Open Source Privacy: Why AGPL-3.0 Matters

How do you trust privacy software? You cannot verify closed-source claims. The company says they do not log your data. You just have to believe them.

Privacy policies are legal documents, not technical guarantees. They can be changed, reinterpreted, or quietly ignored. The only way to truly verify a privacy claim is to read the code that implements it.

With open source, anyone can read the code. Security researchers can audit the cryptographic implementation. Developers can verify the server-side logic. Users can compile from source and run a binary they built themselves.

This is not about trust — it is about verification. We do not ask you to trust us. We ask you to read the code.

The AGPL (Affero General Public License) has a key provision that MIT and Apache licences lack: if you modify the code and run it as a network service, you must publish your modifications.

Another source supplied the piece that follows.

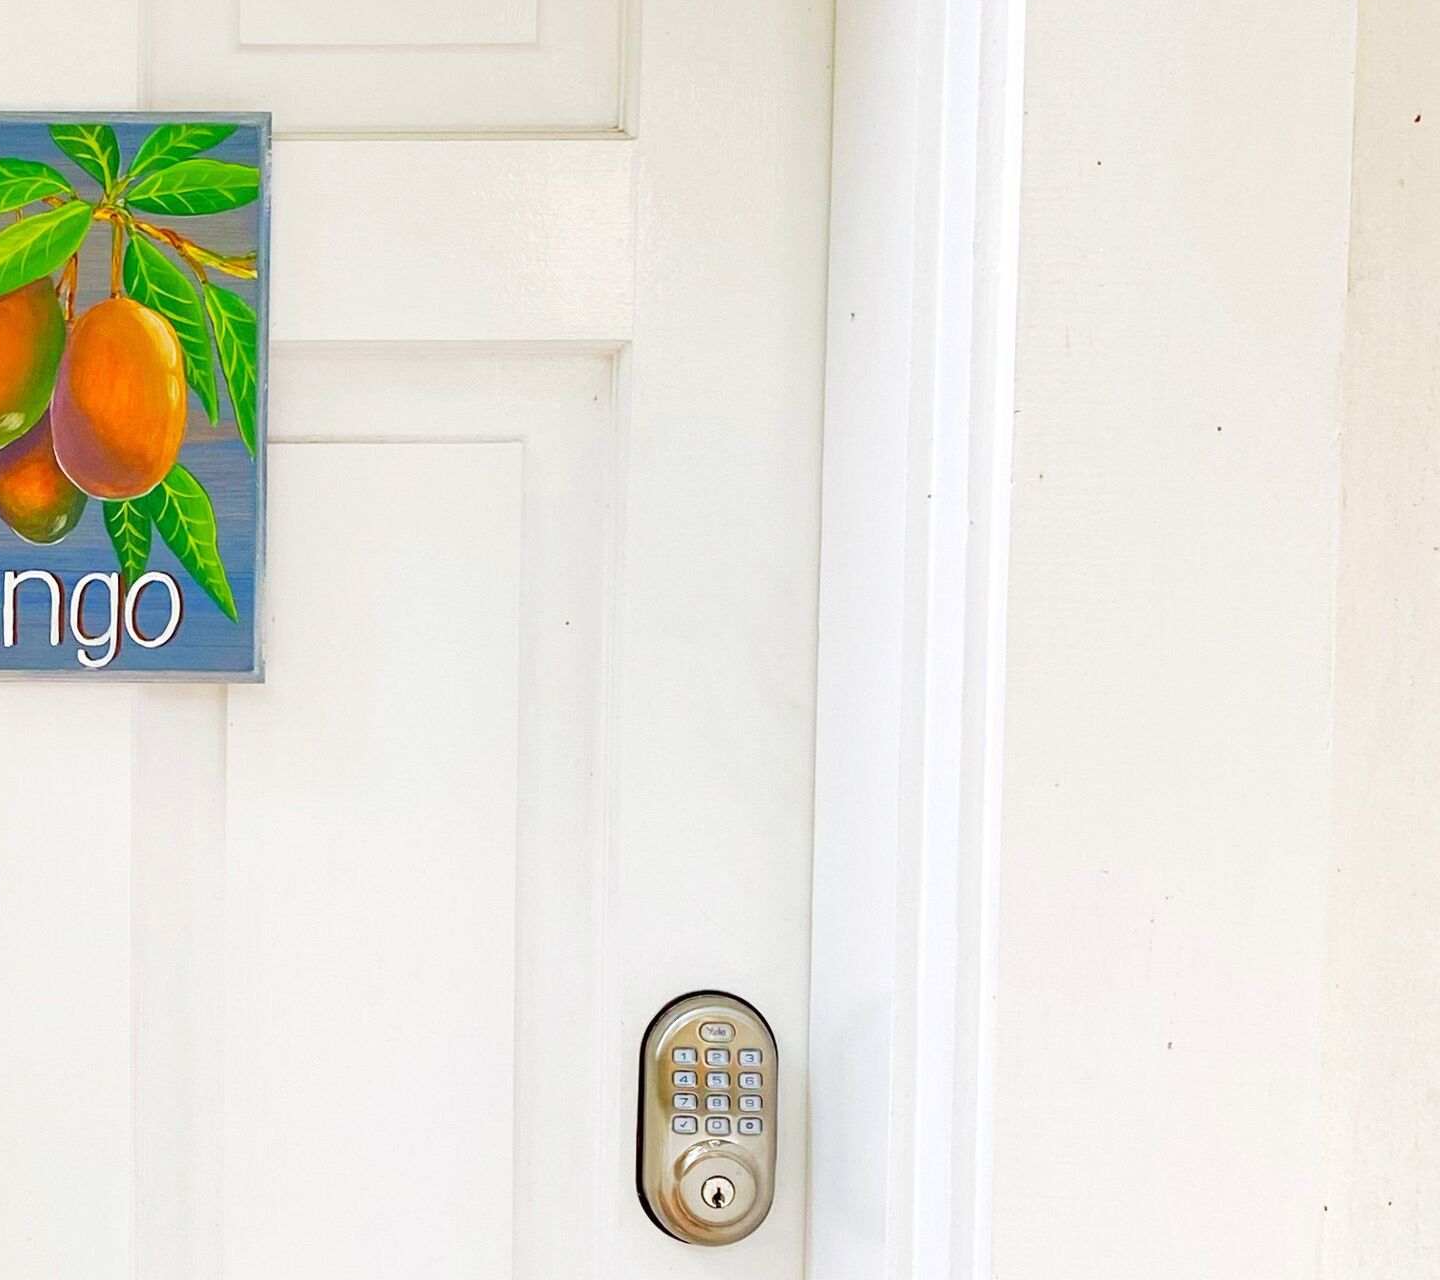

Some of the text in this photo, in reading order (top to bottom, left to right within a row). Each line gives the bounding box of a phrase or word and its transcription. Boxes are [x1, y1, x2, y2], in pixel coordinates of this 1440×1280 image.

This prevents a company from taking sTELgano, adding backdoors, and offering it as a closed-source service. With MIT or Apache, they could do exactly that — take the code, modify it silently, and deploy it without anyone knowing what changed.

The AGPL closes the “SaaS loophole” that makes other open-source licences insufficient for privacy-critical software.

You can always run your own instance. The AGPL ensures that any improvements made to self-hosted versions benefit everyone. If someone fixes a bug or adds a feature to their self-hosted deployment, the community gets access to that improvement.